| DESCRIPTION OF THE TASK |
A faithful transcription of all the entries below is needed, without the pictures.

| SOURCE MATERIAL |
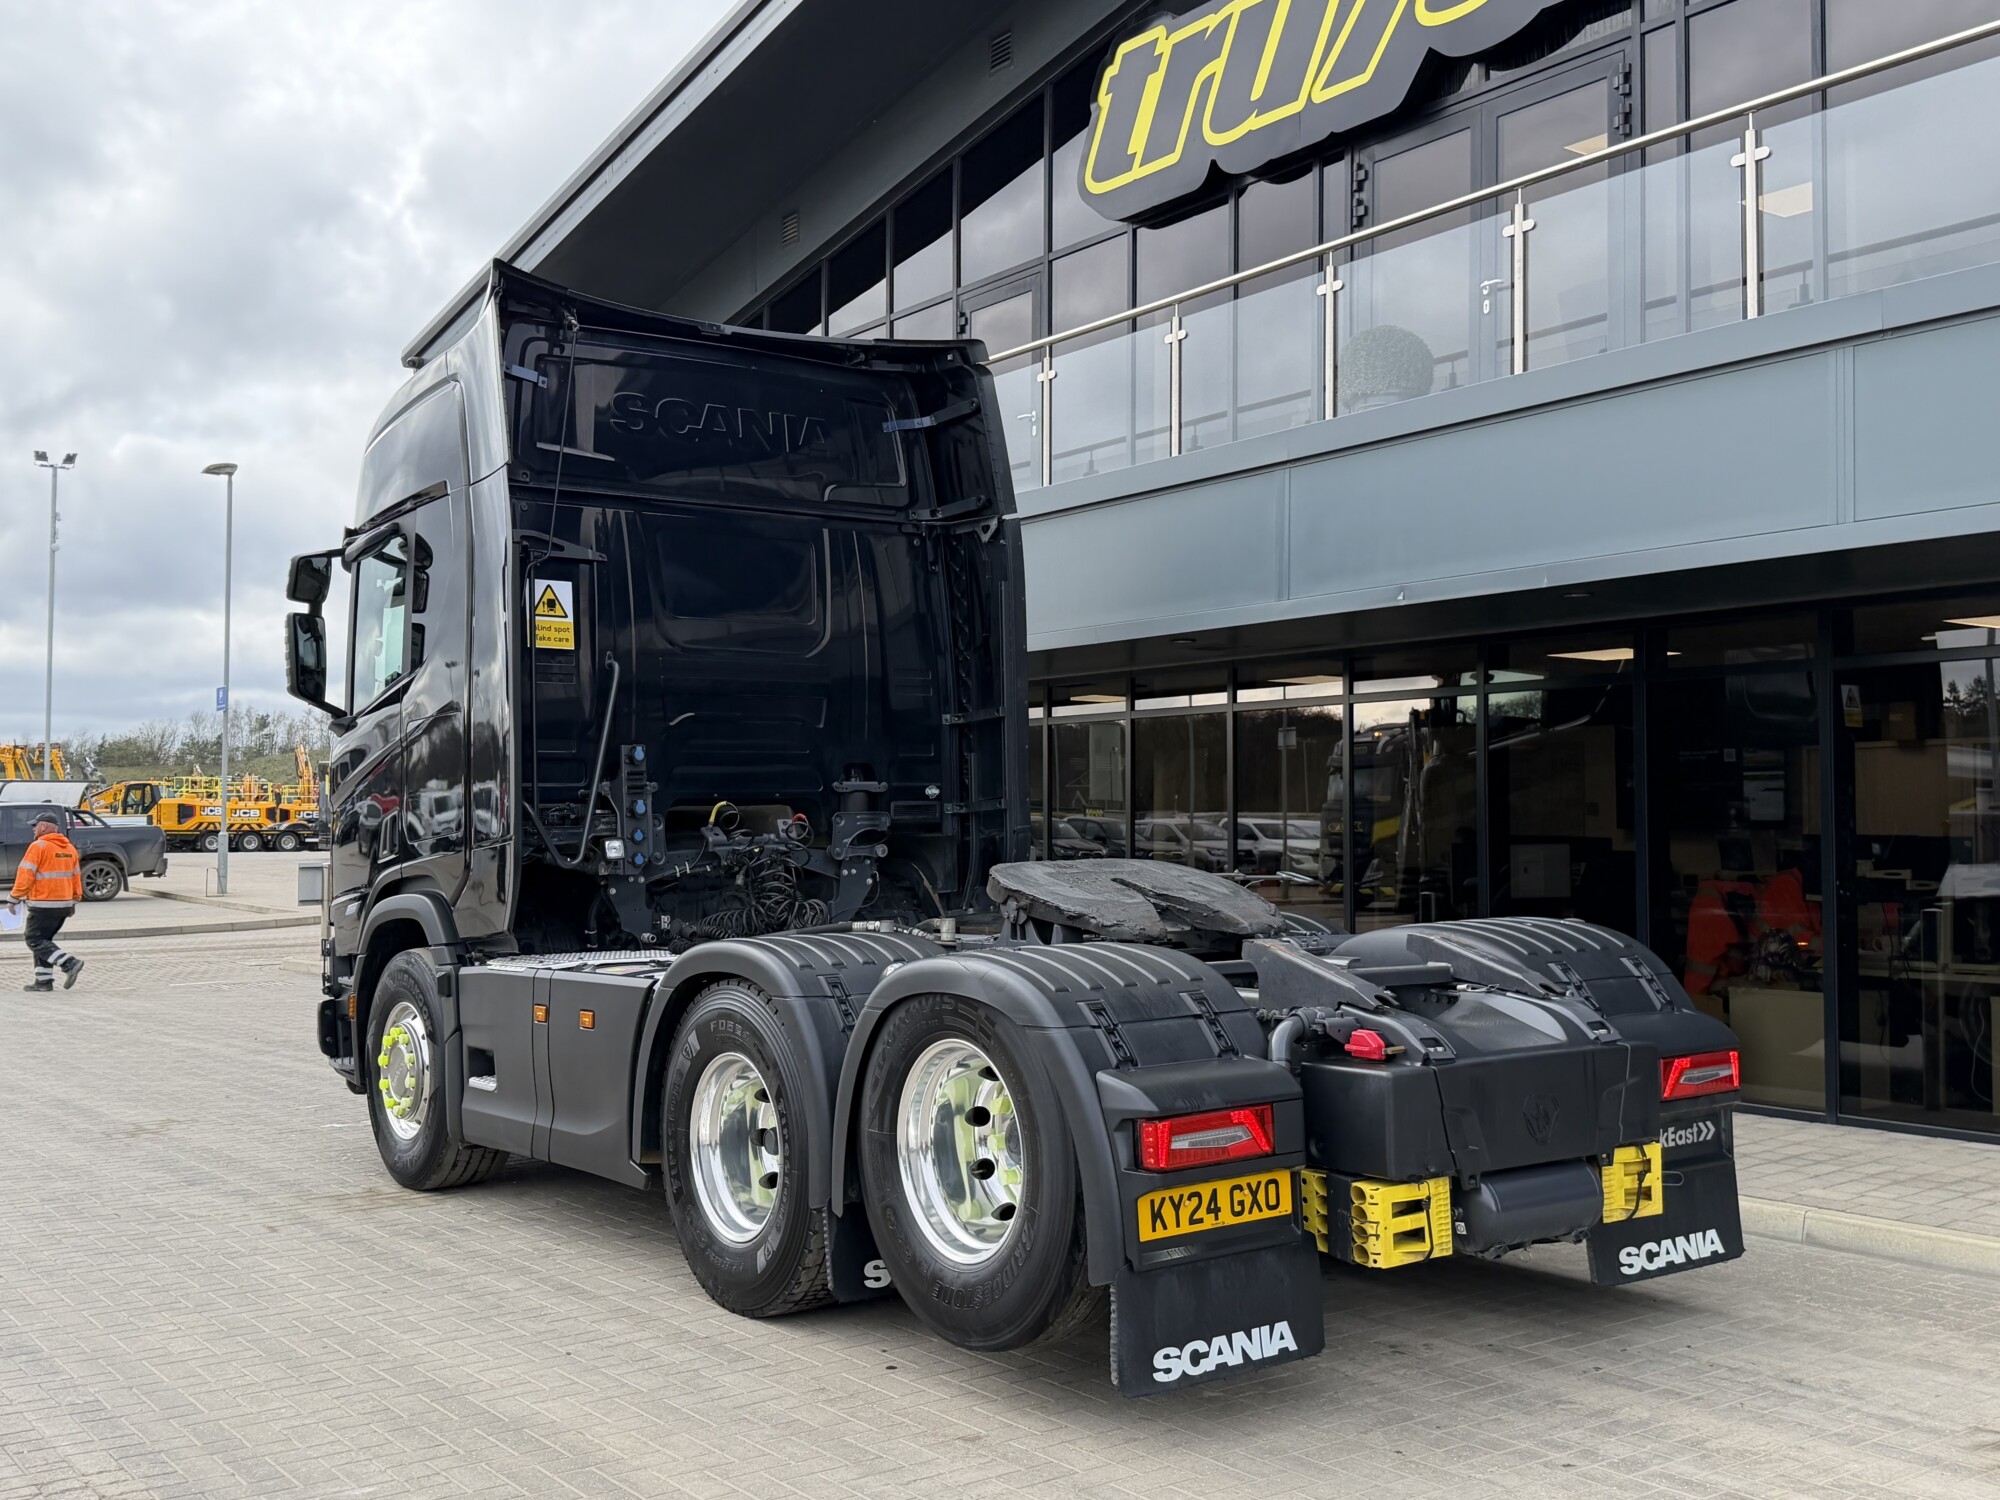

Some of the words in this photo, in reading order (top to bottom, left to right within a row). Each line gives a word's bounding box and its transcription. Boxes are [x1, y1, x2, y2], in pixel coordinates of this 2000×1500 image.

[610, 391, 834, 453] SCANIA
[535, 624, 552, 632] lind
[553, 627, 571, 635] spot
[231, 808, 261, 818] JCB
[1150, 1187, 1222, 1233] KY24
[1229, 1178, 1281, 1218] GXO
[1619, 1228, 1726, 1275] SCANIA
[1152, 1320, 1299, 1383] SCANIA
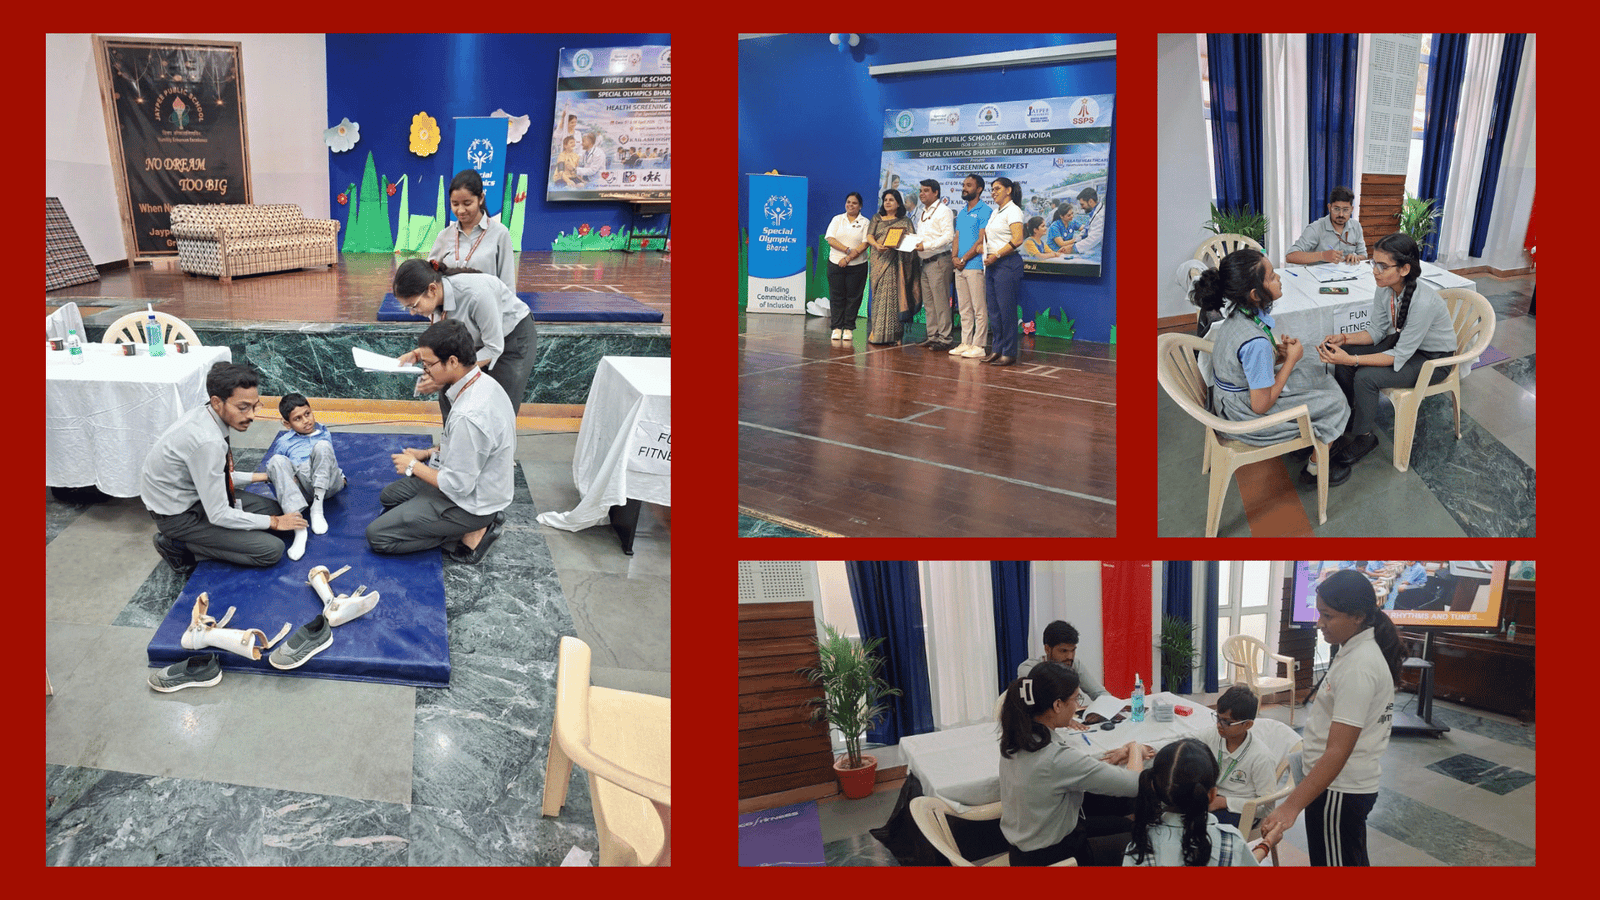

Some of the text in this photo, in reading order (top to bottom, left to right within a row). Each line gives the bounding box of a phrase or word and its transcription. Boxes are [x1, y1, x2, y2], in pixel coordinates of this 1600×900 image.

[155, 87, 204, 122] JAYPEE PUBLIC SCHOOL
[968, 134, 995, 142] SCHOOL,
[997, 132, 1027, 140] GREATER
[145, 158, 206, 172] NO DREAM
[179, 178, 227, 195] TOO BIG
[139, 203, 163, 212] When
[149, 228, 173, 237] Jayp
[763, 227, 793, 235] Special
[759, 235, 797, 243] Olympics
[766, 244, 788, 252] Bharat
[765, 286, 789, 294] Building
[757, 293, 796, 301] Communities
[1349, 310, 1367, 320] FUN
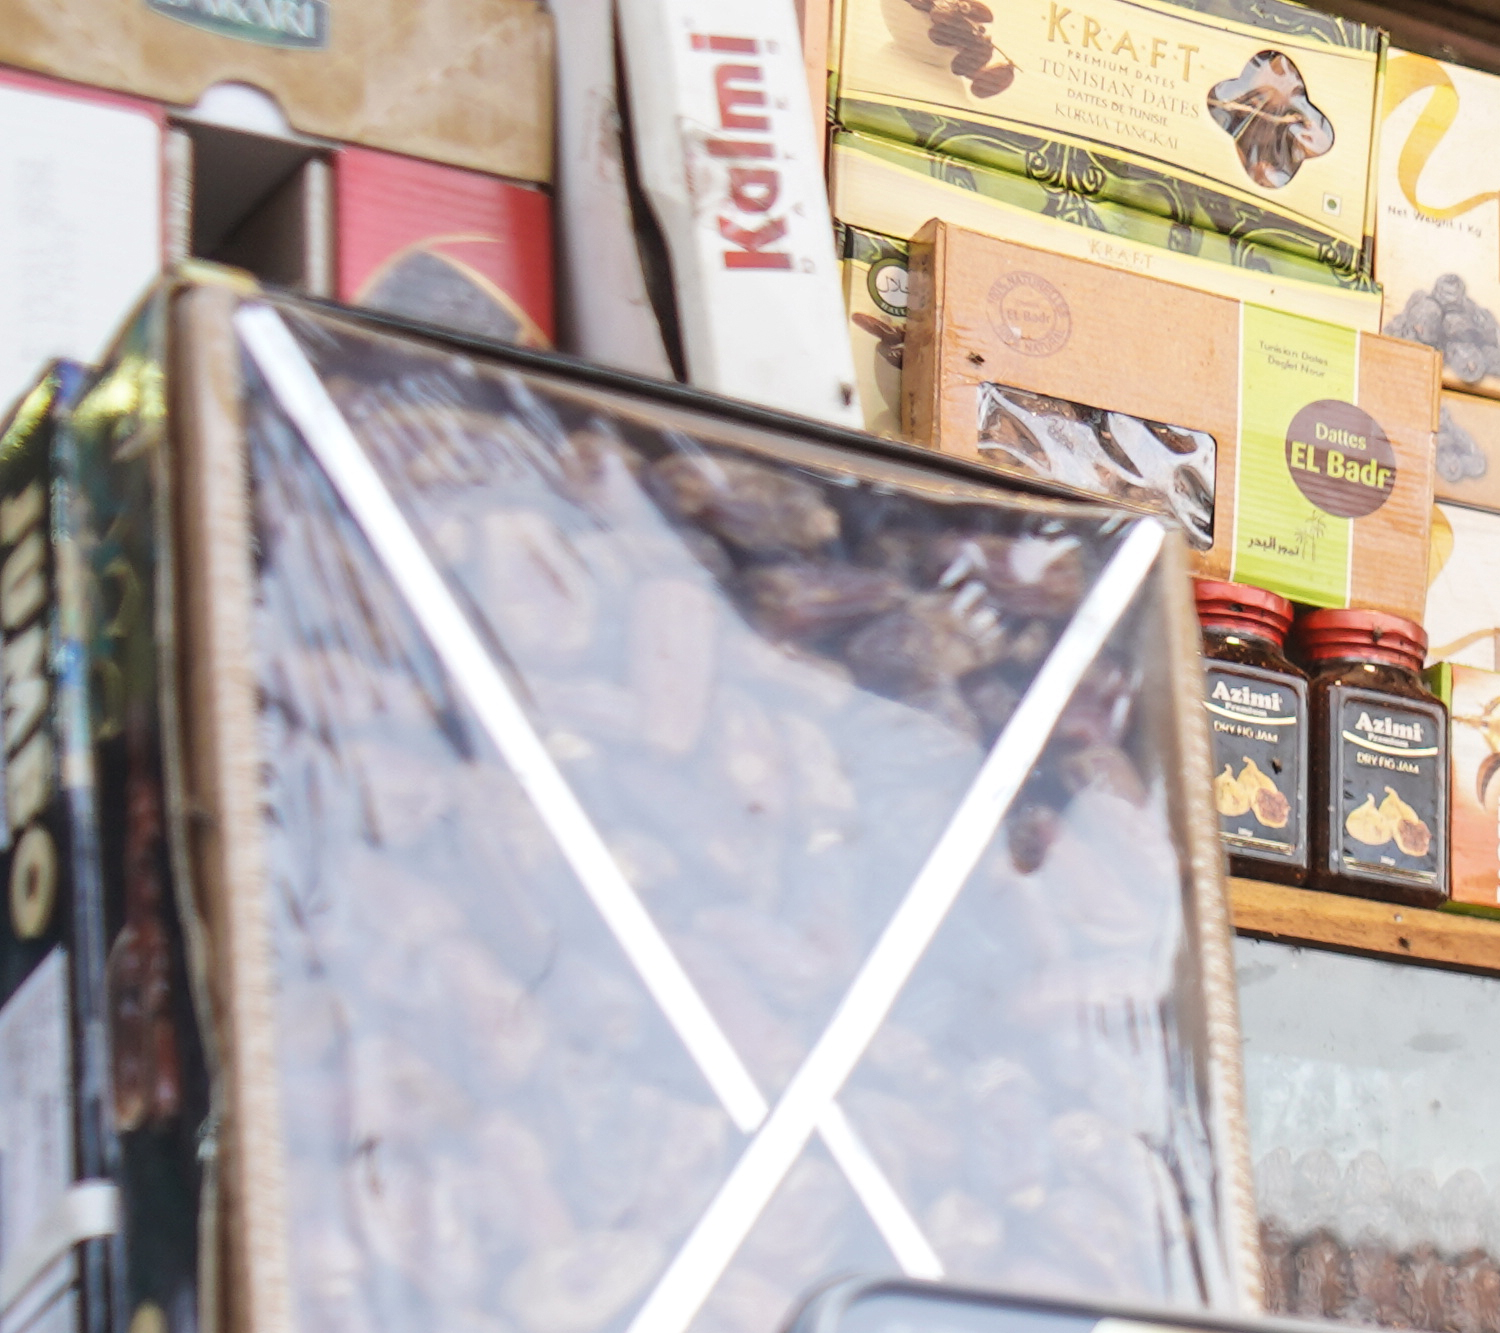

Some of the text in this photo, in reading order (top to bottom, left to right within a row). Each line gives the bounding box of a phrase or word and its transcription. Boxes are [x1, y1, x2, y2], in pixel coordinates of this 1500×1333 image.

| EXPECTED OUTPUT |
Some of the words in this photo, in reading order (top to bottom, left to right within a row). Each line gives a word's bounding box and its transcription. Boxes are [x1, y1, x2, y2], in pixel coordinates of this 2000×1500 image.

[610, 391, 834, 453] SCANIA
[535, 624, 552, 632] lind
[553, 627, 571, 635] spot
[231, 808, 261, 818] JCB
[1150, 1187, 1222, 1233] KY24
[1229, 1178, 1281, 1218] GXO
[1619, 1228, 1726, 1275] SCANIA
[1152, 1320, 1299, 1383] SCANIA

Some of the text in this photo, in reading order (top to bottom, left to right within a row). Each line gives the bounding box of a phrase or word and its transcription. Boxes are [x1, y1, x2, y2], in pixel coordinates of this 1600×900 image.

[155, 87, 204, 122] JAYPEE PUBLIC SCHOOL
[968, 134, 995, 142] SCHOOL,
[997, 132, 1027, 140] GREATER
[145, 158, 206, 172] NO DREAM
[179, 178, 227, 195] TOO BIG
[139, 203, 163, 212] When
[149, 228, 173, 237] Jayp
[763, 227, 793, 235] Special
[759, 235, 797, 243] Olympics
[766, 244, 788, 252] Bharat
[765, 286, 789, 294] Building
[757, 293, 796, 301] Communities
[1349, 310, 1367, 320] FUN

Some of the text in this photo, in reading order (top to bottom, left to right within a row). Each line gives the bounding box of a phrase or word and its transcription. Boxes are [x1, y1, x2, y2], in pixel coordinates of this 1500×1333 image.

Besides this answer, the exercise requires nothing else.